Manual Curation Workflow Interactive workflow in Lobster AI for expert-guided cell type annotation, metadata harmonization, and quality assessment. Combines automated suggestions with domain expertise for improved biological accuracy.

Marker Genes Genes specifically or highly expressed in particular cell types or conditions. Used for cell type identification and validation.

MaxQuant Software platform for analyzing mass spectrometry proteomics data. Provides protein identification and quantification from raw MS data.

Missing at Random (MAR) Missing data mechanism where missingness depends on observed data but not on the missing values themselves.

Missing Not at Random (MNAR) Missing data mechanism where missingness depends on the unobserved values. Common in proteomics for low-abundance proteins.

Modality In Lobster AI, a named dataset representing a specific omics measurement (e.g., "single_cell_rna", "ms_proteomics"). Managed by DataManagerV2.

Moran's I Statistical measure of spatial autocorrelation used in spatial omics to identify spatially variable genes or proteins.

MuData Data structure for storing and analyzing multi-modal omics data.
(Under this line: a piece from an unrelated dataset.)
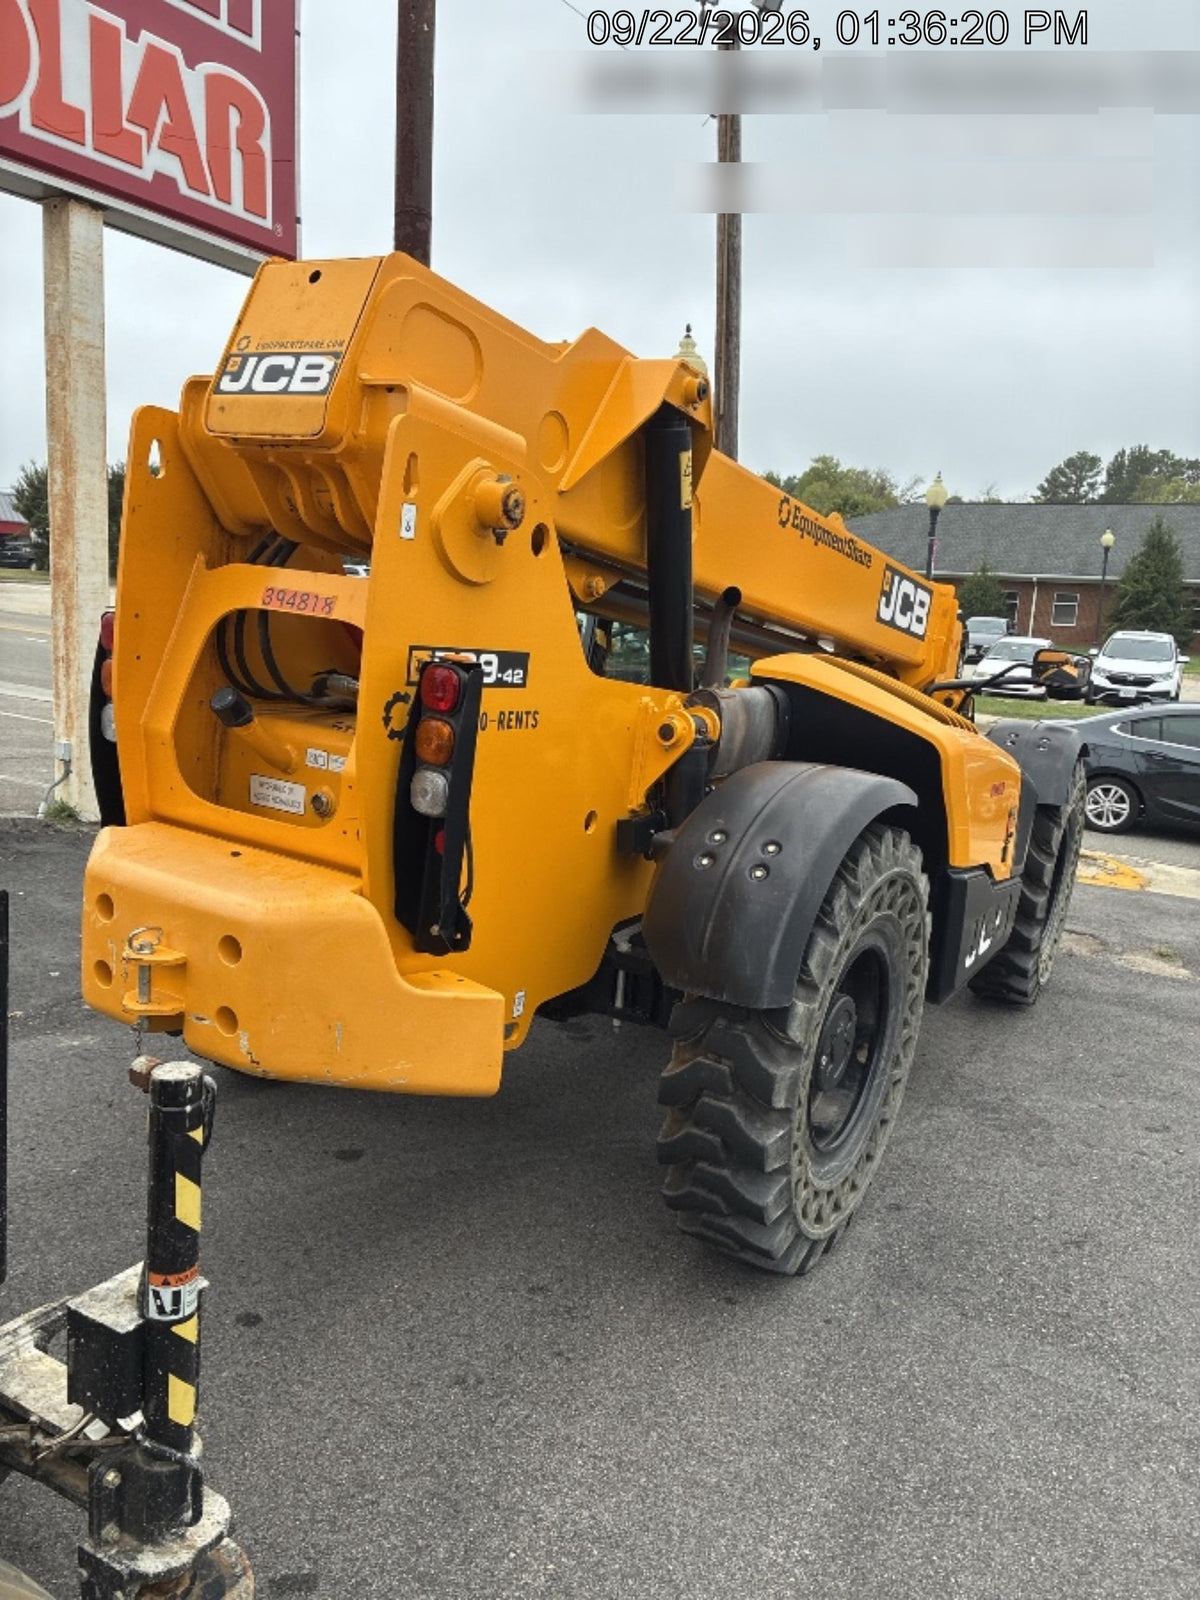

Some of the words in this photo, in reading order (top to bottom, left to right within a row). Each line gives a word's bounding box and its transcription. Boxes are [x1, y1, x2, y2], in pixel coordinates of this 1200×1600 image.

[219, 354, 338, 392] JCB
[790, 504, 872, 569] EquipmentShare
[878, 574, 931, 636] JCB
Extends AnnData to handle multiple measurement types simultaneously.

N

Normalization Process of adjusting data to remove technical variation and enable comparison between samples. Methods include library size normalization, quantile normalization, and TMM.

Notebook Export Feature in Lobster AI that exports complete analysis workflows as reproducible Jupyter notebooks. Uses Papermill for parameterization, includes provenance metadata, code snippets, and execution instructions. Access via /pipeline export command.

NPX (Normalized Protein eXpression) Log2-transformed and normalized protein abundance values used in Olink affinity proteomics assays. Already log2-scaled, so should not be log-transformed again during preprocessing.

O

Olink Commercial platform for targeted proteomics using proximity extension assays (PEA). Provides high-quality protein measurements with low missing values.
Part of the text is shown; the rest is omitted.